Le Soir - Belgien | Dienstag, 22. August 2006
Die EU im Libanon
Alain Lallemand fordert, die EU solle sich der Herausforderung eines militärischen Einsatzes im Libanon stellen und die menschlichen und finanziellen Kosten eines solches Einsatzes akzeptieren. "Wenn die Union den Frieden vor ihrer Haustür sichert, dann sichert ihr das auf lange Sicht auch den Frieden innerhalb der EU. Denken wir nur daran, dass der Nahe Osten seit hundert Jahren für fast eine Milliarde Menschen der Ursprung aller Kriege ist... Die Ehrlichkeit zwingt uns dazu, den Preis für das Engagement zu nennen: Man wird sich an den Gedanken gewöhnen müssen, dass es europäische Tote im Libanon geben wird. So wie in Afghanistan, im Kosovo, in Ruanda. Trotzdem muss Europa seine Truppen massiv in die Unifil-Verbände einbringen.
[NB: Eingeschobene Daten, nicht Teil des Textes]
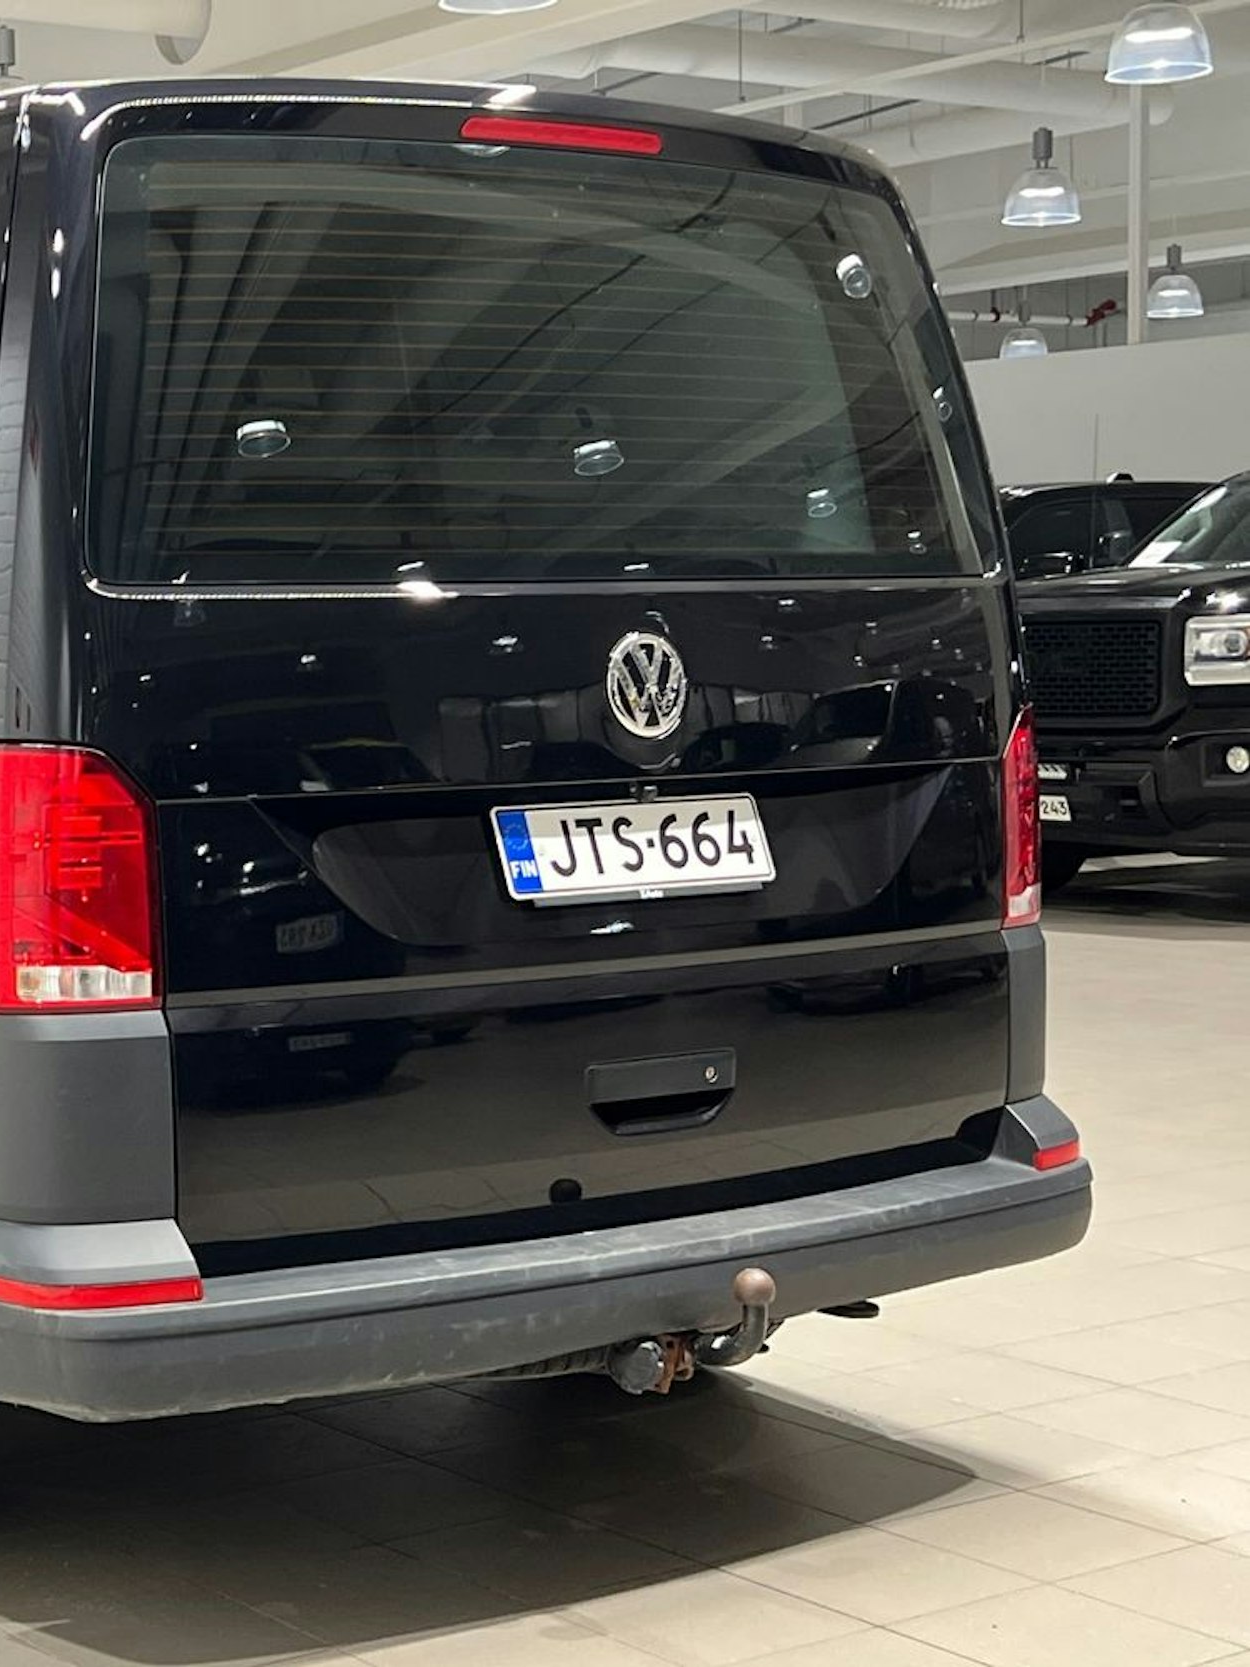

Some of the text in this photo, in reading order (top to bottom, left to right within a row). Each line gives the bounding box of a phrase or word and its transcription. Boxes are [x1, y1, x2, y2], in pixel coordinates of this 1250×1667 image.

Kann es denn angehen, dass sich die EU in Aceh hervortut, aber keine Verpflichtungen am Mittelmeer eingeht? Will sich Brüssel etwa auf die Rolle des generösen Finanziers des Wiederaufbaus beschränken? Der Einsatz von Gewalt ist abscheulich, aber besser, als sich der Knechtschaft der Machtlosigkeit zu fügen."